─── Extracted information
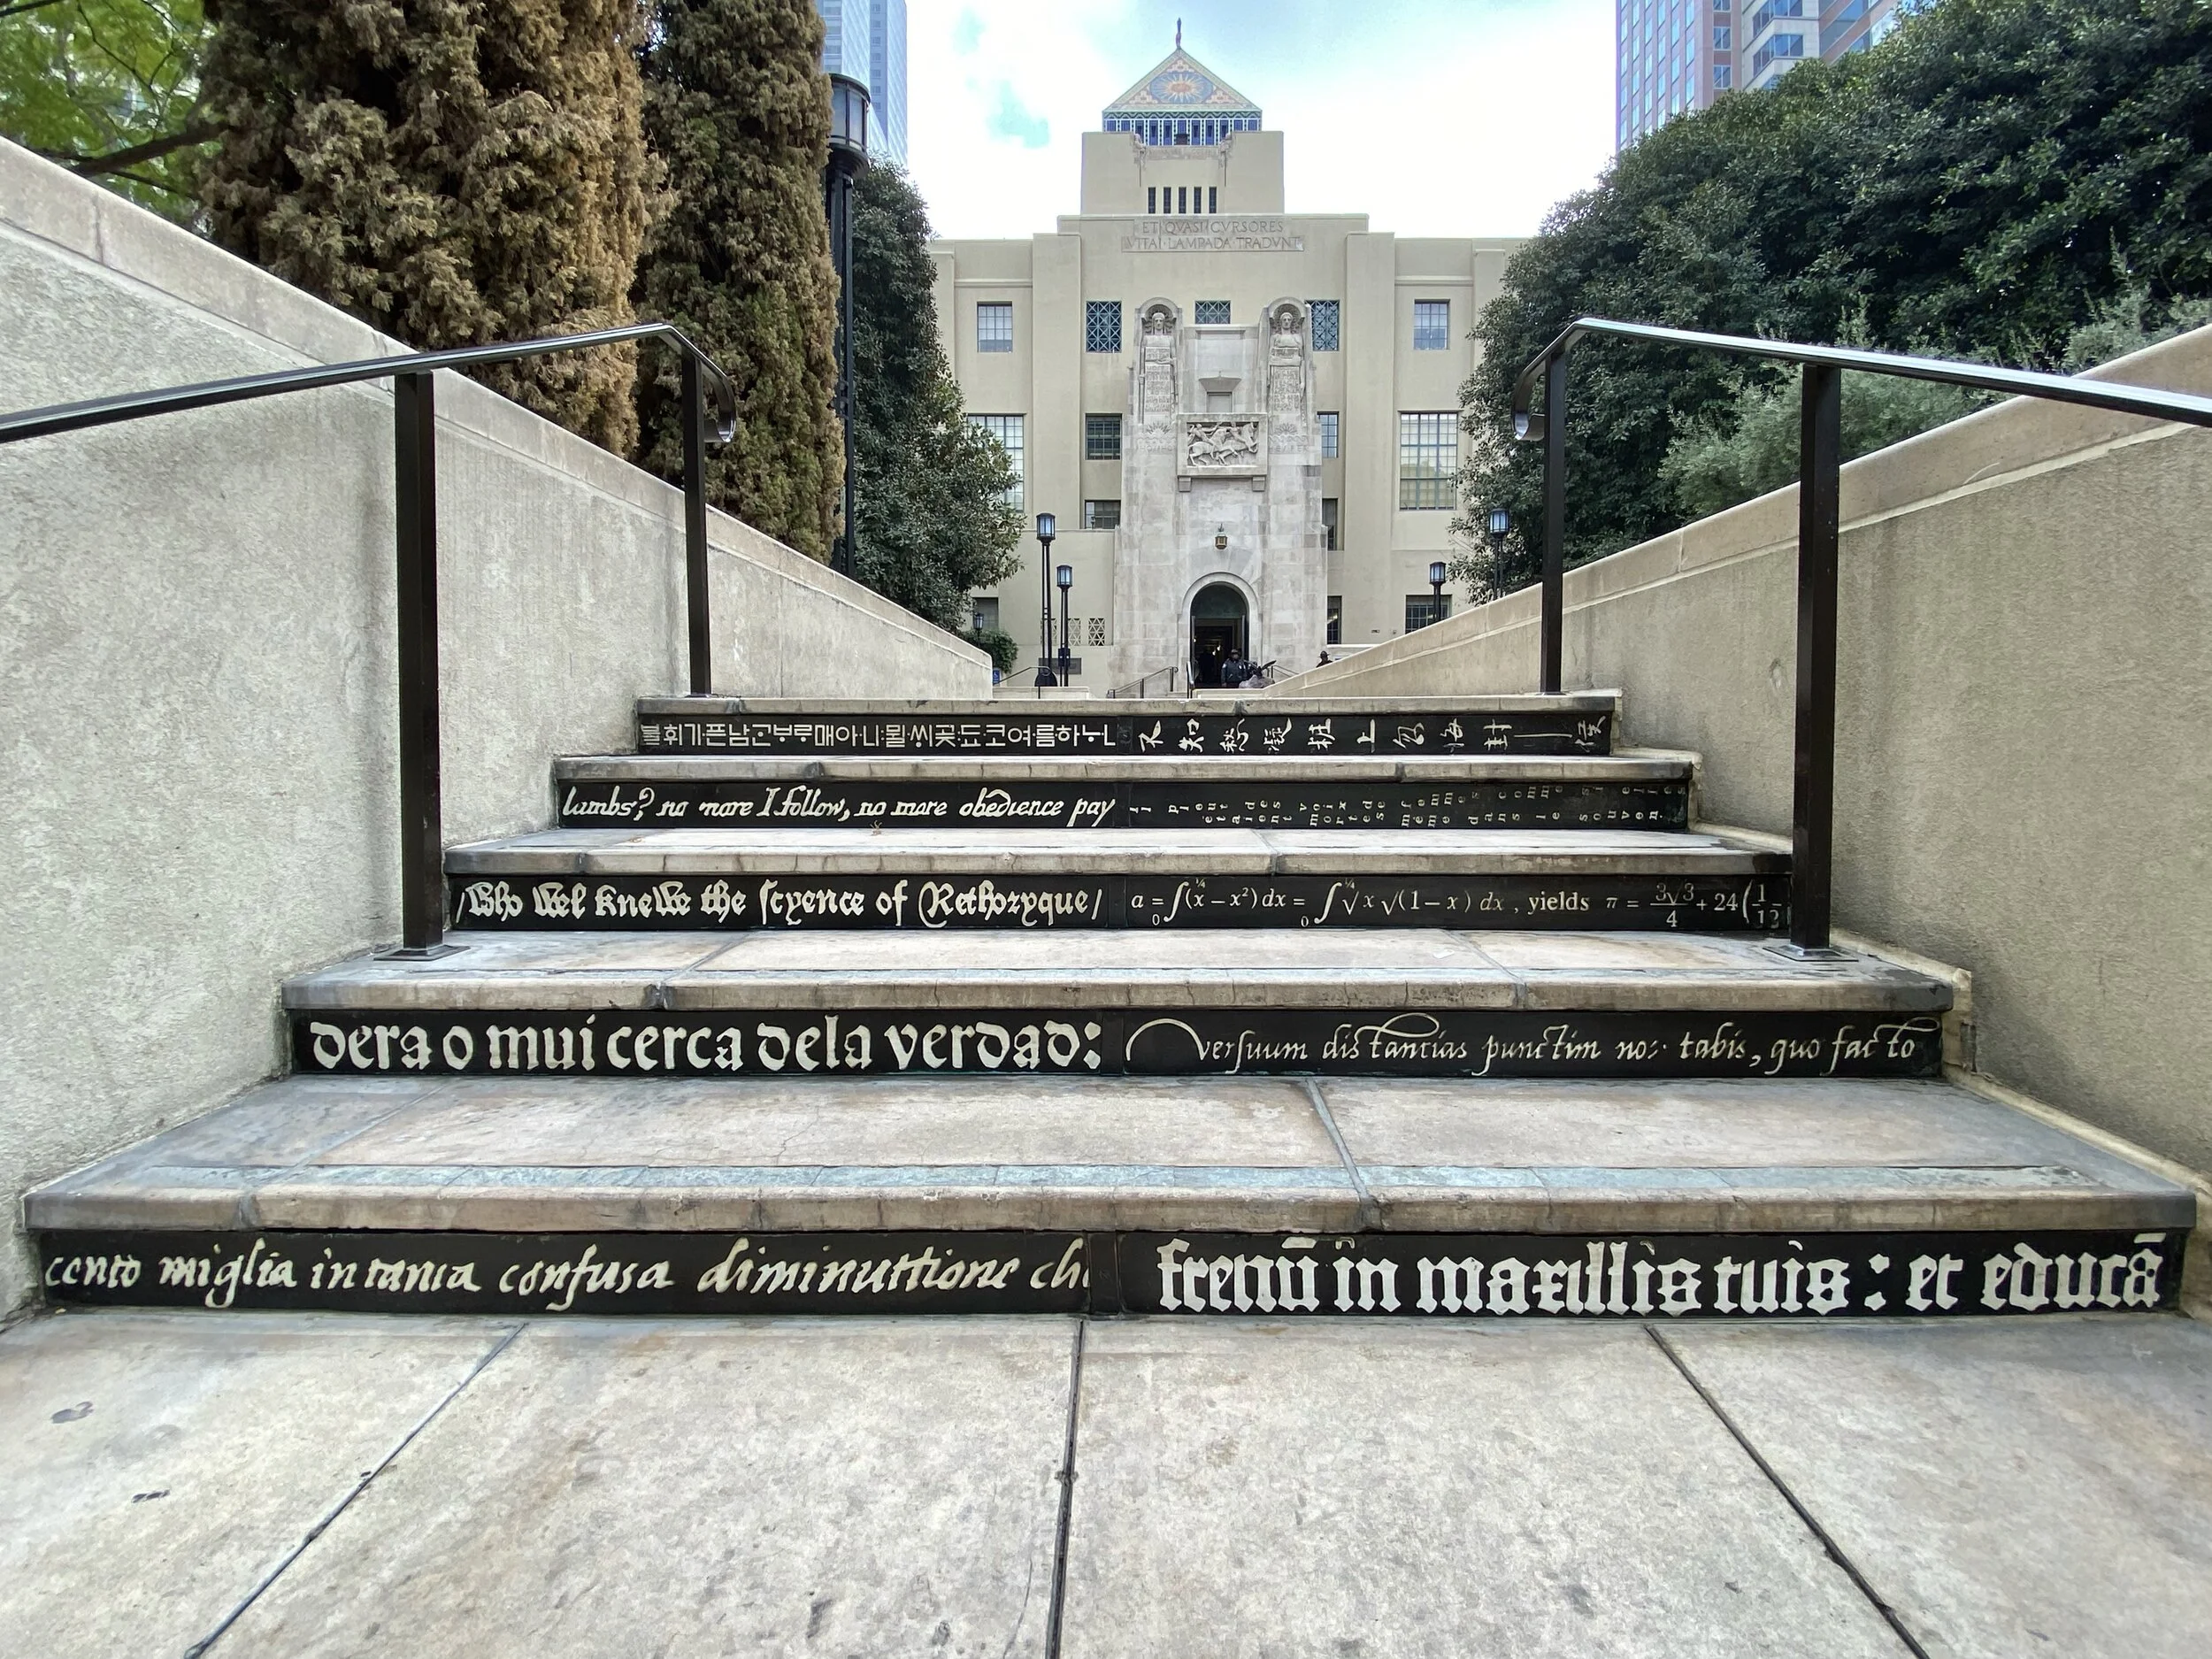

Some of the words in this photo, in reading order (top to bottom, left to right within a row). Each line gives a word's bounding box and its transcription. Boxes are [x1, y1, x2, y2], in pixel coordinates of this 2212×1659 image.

[1141, 221, 1158, 234] ET
[1164, 221, 1204, 235] QVASI
[1210, 220, 1284, 234] CVRSORES
[1168, 237, 1231, 250] LAMPADA
[1236, 236, 1302, 250] TRADVNT
[698, 801, 754, 818] more
[853, 801, 887, 817] no
[889, 801, 948, 817] more
[958, 787, 1064, 818] obedience
[1065, 797, 1116, 827] pay
[875, 879, 909, 926] of
[1527, 888, 1591, 915] yields
[442, 1025, 474, 1071] o
[486, 1008, 595, 1071] mui
[606, 1025, 744, 1071] cerca
[757, 1015, 872, 1071] dela
[151, 1237, 298, 1310] miglia
[498, 1243, 674, 1311] confusa
[1029, 1237, 1089, 1289] ch
[1905, 1253, 1964, 1312] et
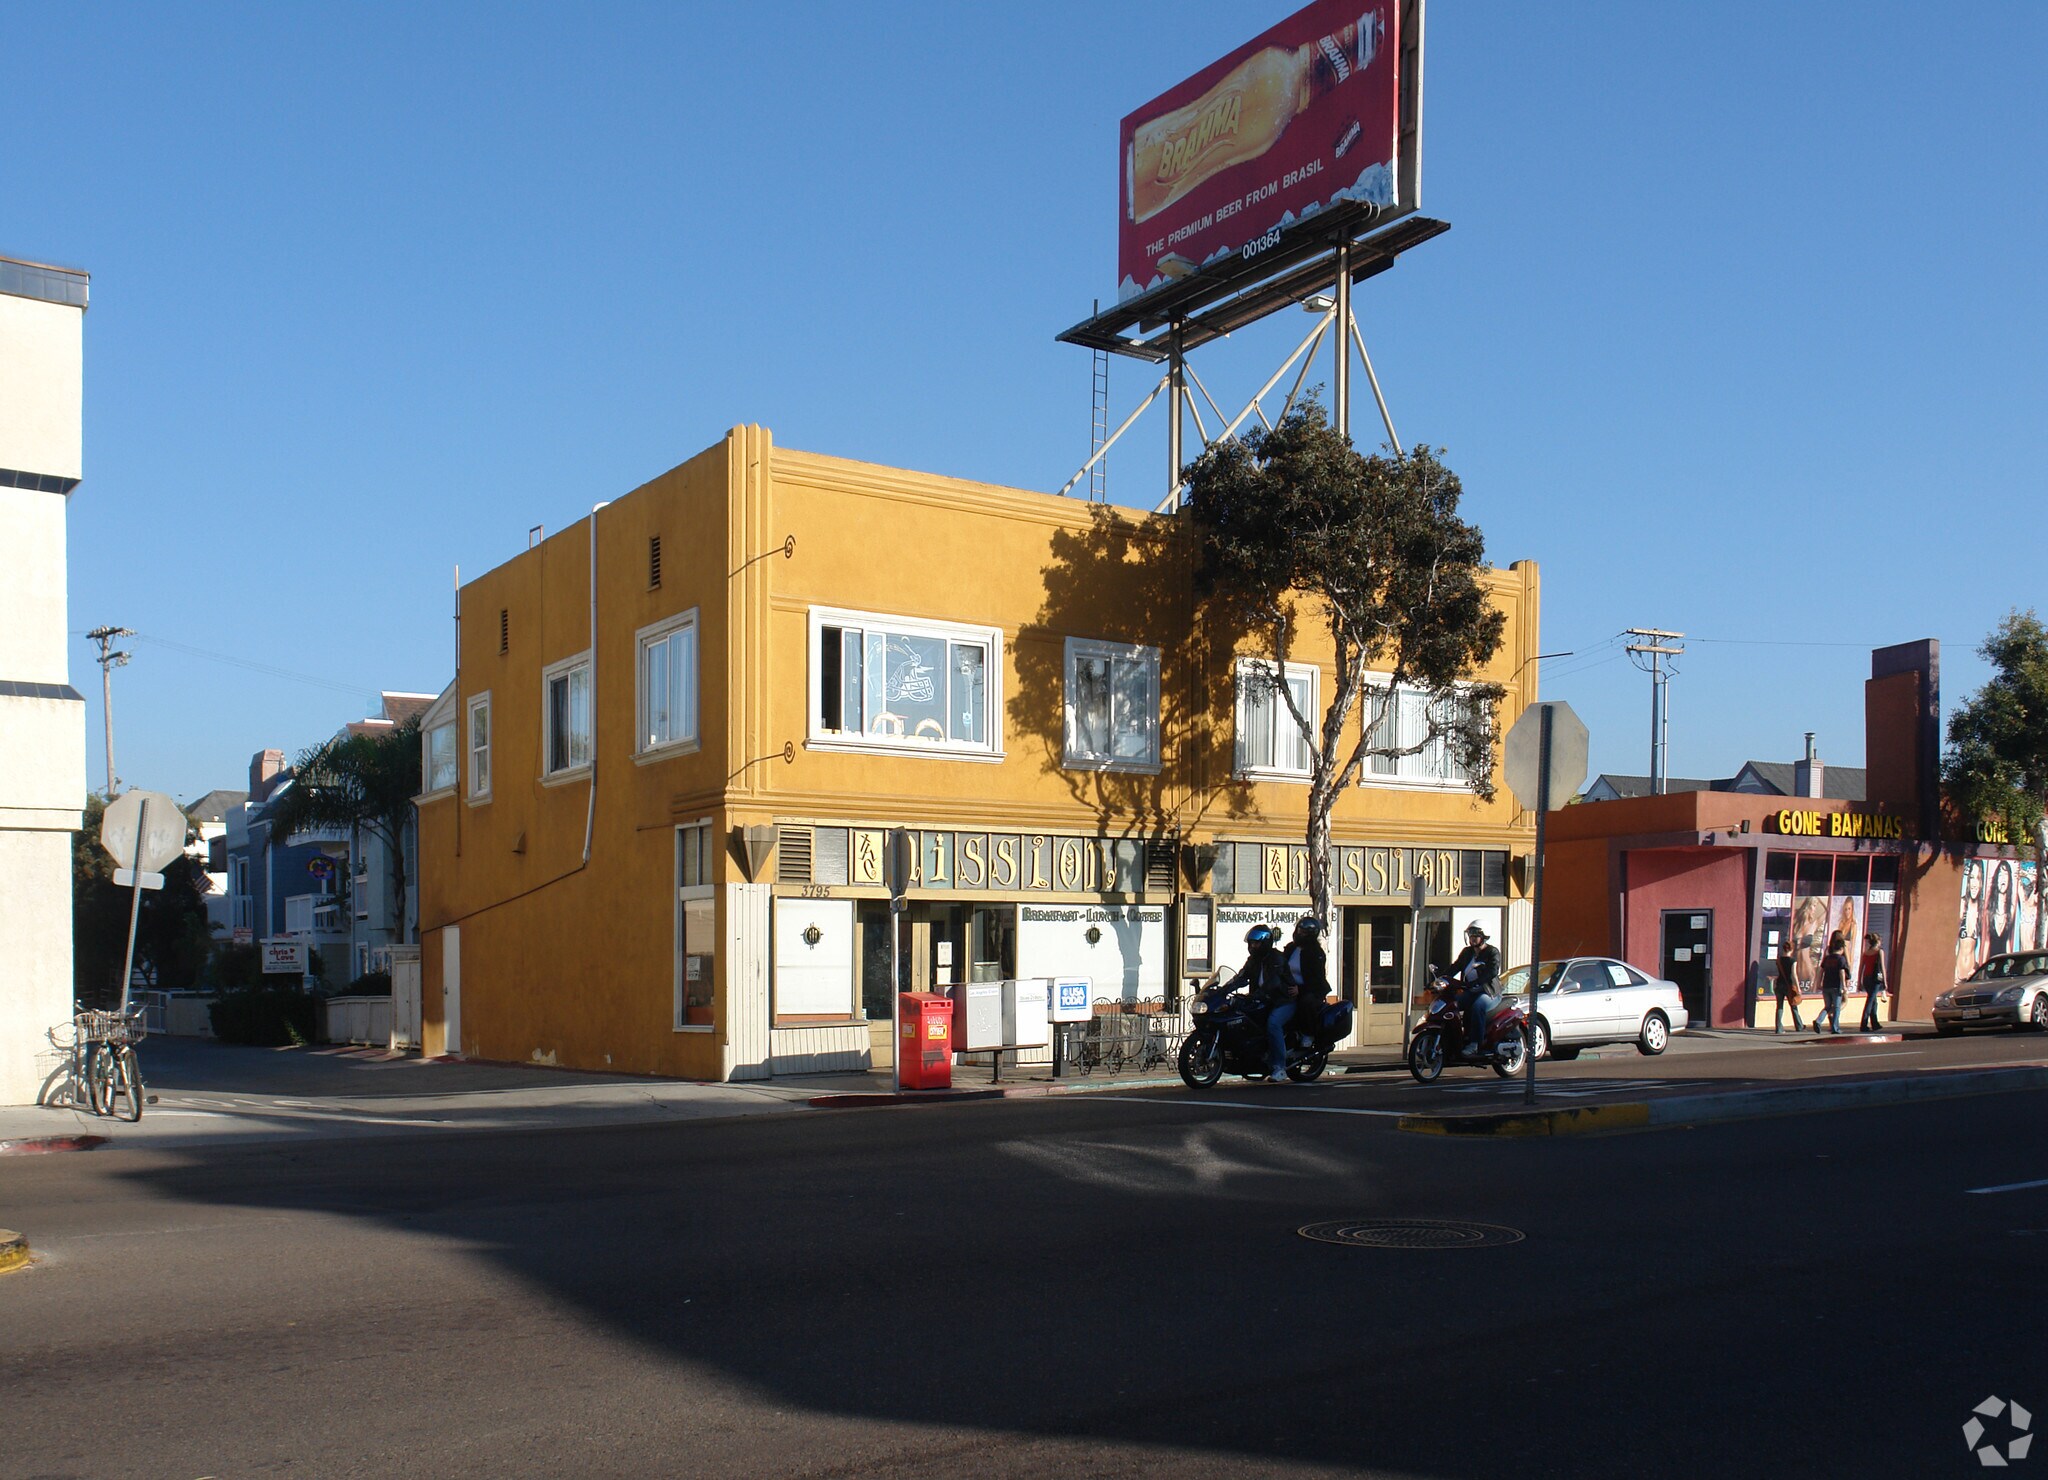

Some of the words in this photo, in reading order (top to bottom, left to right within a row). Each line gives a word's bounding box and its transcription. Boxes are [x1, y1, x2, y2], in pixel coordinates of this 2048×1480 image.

[1319, 34, 1351, 84] BRAHMA
[1157, 95, 1241, 178] BRAHMA
[1335, 121, 1361, 159] BRAHMA
[1145, 238, 1165, 257] THE
[1168, 213, 1213, 247] PREMIUM
[1216, 199, 1243, 223] BEER
[1246, 180, 1278, 208] FROM
[1282, 158, 1325, 189] BRASIL
[1242, 229, 1281, 260] 001364
[1779, 809, 1822, 836] GONE
[1831, 812, 1902, 840] BANANAS
[801, 886, 831, 898] 3795
[1763, 893, 1791, 906] SALE
[1870, 890, 1896, 903] SALE
[1062, 995, 1086, 1006] TODAY
[1069, 986, 1085, 997] USA
──────
● Your instructions
Repeat the data exactly. No pictures should appear.

● Exercise answer
Some of the words in this photo, in reading order (top to bottom, left to right within a row). Each line gives a word's bounding box and its transcription. Boxes are [x1, y1, x2, y2], in pixel coordinates of this 2212×1659 image.

[1141, 221, 1158, 234] ET
[1164, 221, 1204, 235] QVASI
[1210, 220, 1284, 234] CVRSORES
[1168, 237, 1231, 250] LAMPADA
[1236, 236, 1302, 250] TRADVNT
[698, 801, 754, 818] more
[853, 801, 887, 817] no
[889, 801, 948, 817] more
[958, 787, 1064, 818] obedience
[1065, 797, 1116, 827] pay
[875, 879, 909, 926] of
[1527, 888, 1591, 915] yields
[442, 1025, 474, 1071] o
[486, 1008, 595, 1071] mui
[606, 1025, 744, 1071] cerca
[757, 1015, 872, 1071] dela
[151, 1237, 298, 1310] miglia
[498, 1243, 674, 1311] confusa
[1029, 1237, 1089, 1289] ch
[1905, 1253, 1964, 1312] et

Some of the words in this photo, in reading order (top to bottom, left to right within a row). Each line gives a word's bounding box and its transcription. Boxes are [x1, y1, x2, y2], in pixel coordinates of this 2048×1480 image.

[1319, 34, 1351, 84] BRAHMA
[1157, 95, 1241, 178] BRAHMA
[1335, 121, 1361, 159] BRAHMA
[1145, 238, 1165, 257] THE
[1168, 213, 1213, 247] PREMIUM
[1216, 199, 1243, 223] BEER
[1246, 180, 1278, 208] FROM
[1282, 158, 1325, 189] BRASIL
[1242, 229, 1281, 260] 001364
[1779, 809, 1822, 836] GONE
[1831, 812, 1902, 840] BANANAS
[801, 886, 831, 898] 3795
[1763, 893, 1791, 906] SALE
[1870, 890, 1896, 903] SALE
[1062, 995, 1086, 1006] TODAY
[1069, 986, 1085, 997] USA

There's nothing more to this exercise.